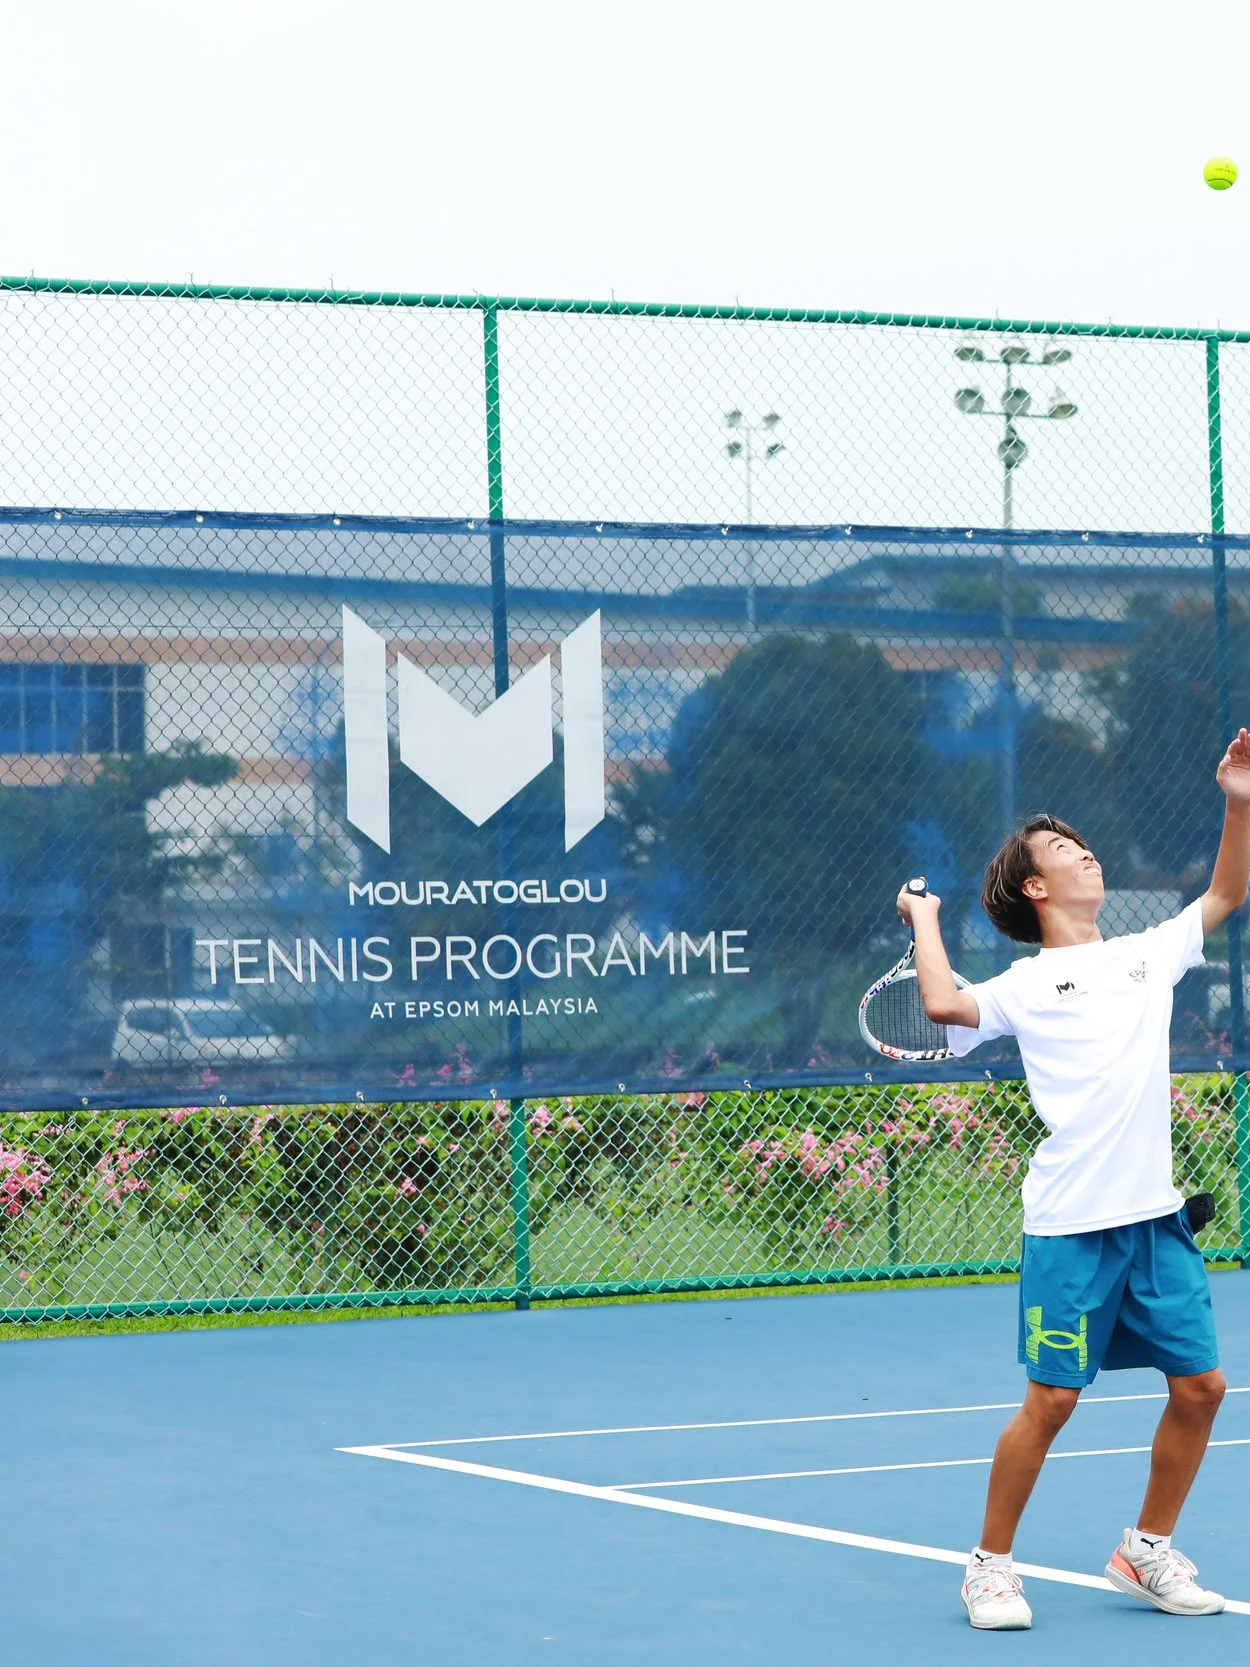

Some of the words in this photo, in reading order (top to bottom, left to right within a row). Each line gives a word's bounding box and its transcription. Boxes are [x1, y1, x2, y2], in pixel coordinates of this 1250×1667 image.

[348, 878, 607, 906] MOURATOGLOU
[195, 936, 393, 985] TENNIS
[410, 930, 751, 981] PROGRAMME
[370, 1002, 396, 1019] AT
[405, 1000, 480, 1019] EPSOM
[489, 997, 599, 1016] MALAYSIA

* [Work instruction]: Return all the entries word for word, but omit any pictures they contain.

* [Reply]:
Some of the words in this photo, in reading order (top to bottom, left to right within a row). Each line gives a word's bounding box and its transcription. Boxes are [x1, y1, x2, y2], in pixel coordinates of this 1250×1667 image.

[348, 878, 607, 906] MOURATOGLOU
[195, 936, 393, 985] TENNIS
[410, 930, 751, 981] PROGRAMME
[370, 1002, 396, 1019] AT
[405, 1000, 480, 1019] EPSOM
[489, 997, 599, 1016] MALAYSIA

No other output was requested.